Estos hechos dieron lugar a que las protestas se extendieran por todo el territorio de Palestina, a lo que Israel respondió con la intensificación de la represión y el recurso a la fuerza militar y la violencia. En Jerusalén y dentro de la Línea Verde esto se tradujo en oleadas de detenciones arbitrarias, violencia policial y turbas de extremistas israelíes que linchaban a los palestinos mientras eran protegidos y apoyados por las autoridades; en Cisjordania, tomó la forma de un endurecimiento del régimen de ocupación por parte de las fuerzas militares y de seguridad israelíes.

La Franja de Gaza, por su parte, fue aplastada por un asalto militar a gran escala, consistente en 11 días de intensos bombardeos que causaron la muerte de 240 personas y heridas a 1968 palestinos.

Aunque estos acontecimientos constituyen el contexto en el que deben considerarse los hechos, el análisis que se ofrece en la comunicación se centra específicamente en los crímenes internacionales cometidos en Gaza, en continuidad con los anteriores ataques militares contra la Franja de Gaza y su cierre ilegal, que está a punto de cumplir 15 años.

El comunicado concluye que las autoridades israelíes han cometido a gran escala graves crímenes de la competencia de la Corte contra la población civil palestina y las infraestructuras civiles de Gaza, incluidos los delitos de homicidio intencionado, causar deliberadamente grandes sufrimientos o graves daños a la integridad física o la salud, la destrucción generalizada de bienes, los ataques intencionados contra objetivos civiles y el uso desproporcionado de la fuerza, en el marco de una ocupación militar y, por tanto, en el contexto de un conflicto armado internacional.

“La comisión de estos crímenes debe considerarse en el contexto de la prolongada ocupación beligerante de todo el territorio palestino por parte de Israel y de la comisión generalizada de crímenes sistemáticos contra la humanidad, incluido el apartheid, y de graves crímenes de guerra”, afirma Shawan Jabareen, director de Al-Haq.

Como ya se expuso exhaustivamente en otro escrito presentado por las organizaciones ante el Tribunal en noviembre de 2017, y subrayado por varios informes independientes de alto nivel (incluidos los de los Comités de la ONU), la estructura del sistema de investigación israelí impide la realización de investigaciones independientes e imparciales efectivas, ya que el 79% de las denuncias penales presentadas ante el Fiscal General Militar israelí no recibieron ninguna respuesta sustancial.

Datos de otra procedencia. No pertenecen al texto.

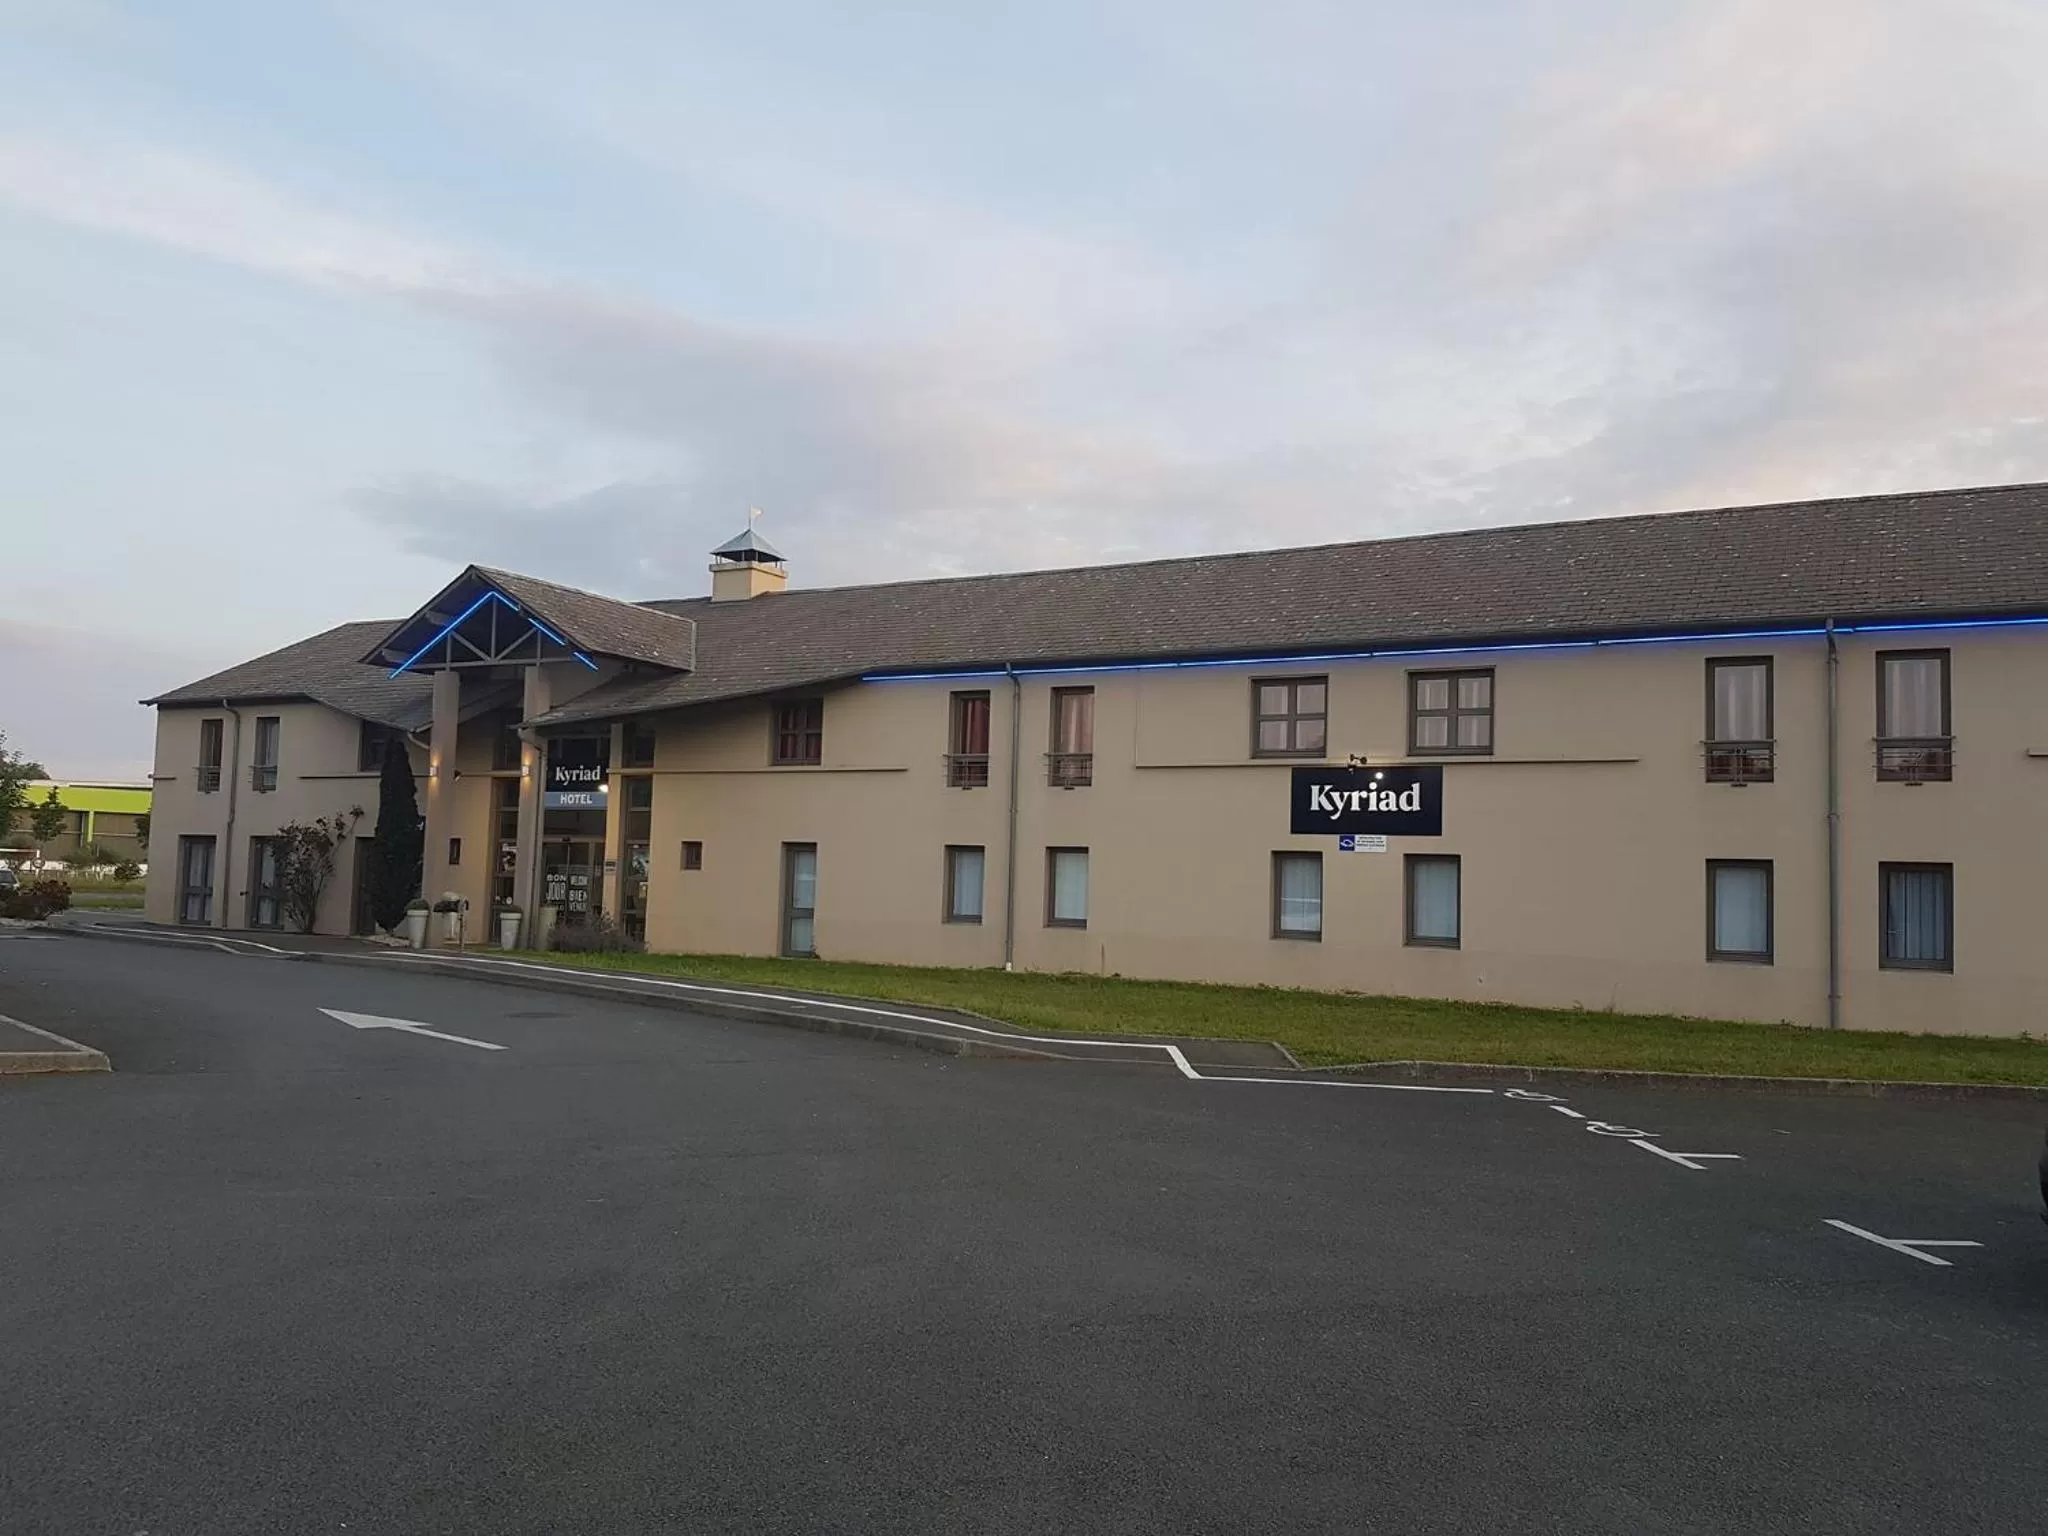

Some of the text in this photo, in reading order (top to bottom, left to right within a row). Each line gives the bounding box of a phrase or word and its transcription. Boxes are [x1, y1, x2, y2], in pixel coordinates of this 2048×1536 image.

[555, 765, 601, 786] Kyriad
[560, 793, 593, 805] HOTEL
[1310, 782, 1421, 820] Kyriad
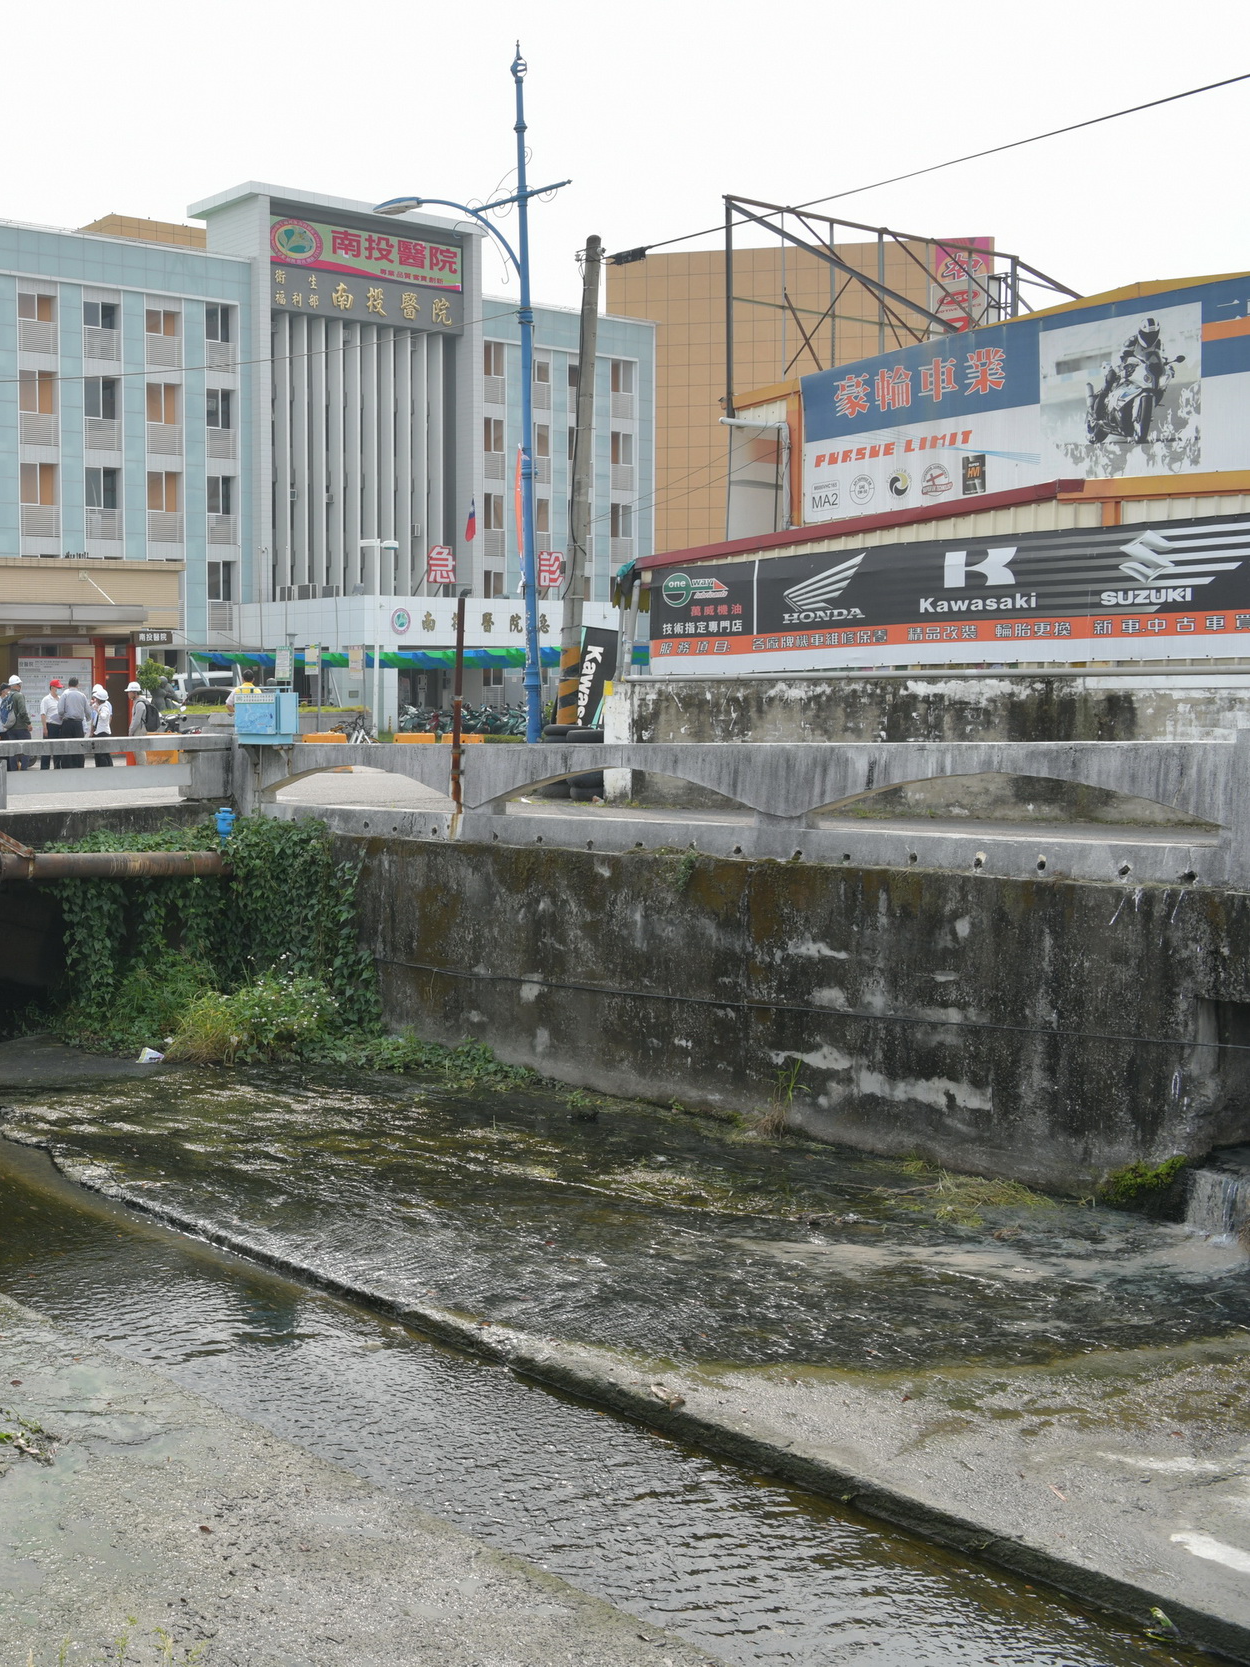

“Las víctimas ya han esperado demasiado tiempo. ¿Cuánto más tendrán que esperar los palestinos de Gaza antes de que la CPI haga rendir cuentas a los funcionarios israelíes?”, dijo Issam Younis, director general de Al-Mezan.

La presentación concluye que sólo una investigación rápida, concreta y exhaustiva y la apertura de casos específicos contra acusados israelíes por parte de la CPI pueden poner fin a la impunidad de décadas de crímenes cometidos contra los palestinos, obstaculizar posiblemente su perpetración continua y actual y contribuir a la prevención de nuevos crímenes.

El derecho internacional ha sido violado implacable y descaradamente por las fuerzas israelíes desde su ocupación de Palestina, infringiendo la mayoría de las disposiciones del derecho internacional convencional y consuetudinario, perjudicando y borrando cualquier perspectiva de un “proceso de paz” que conduzca a una resolución justa. Por lo tanto, está absolutamente justificado un enjuiciamiento efectivo, ya que constituye el último recurso para restablecer el respeto y la aplicación de la justicia internacional.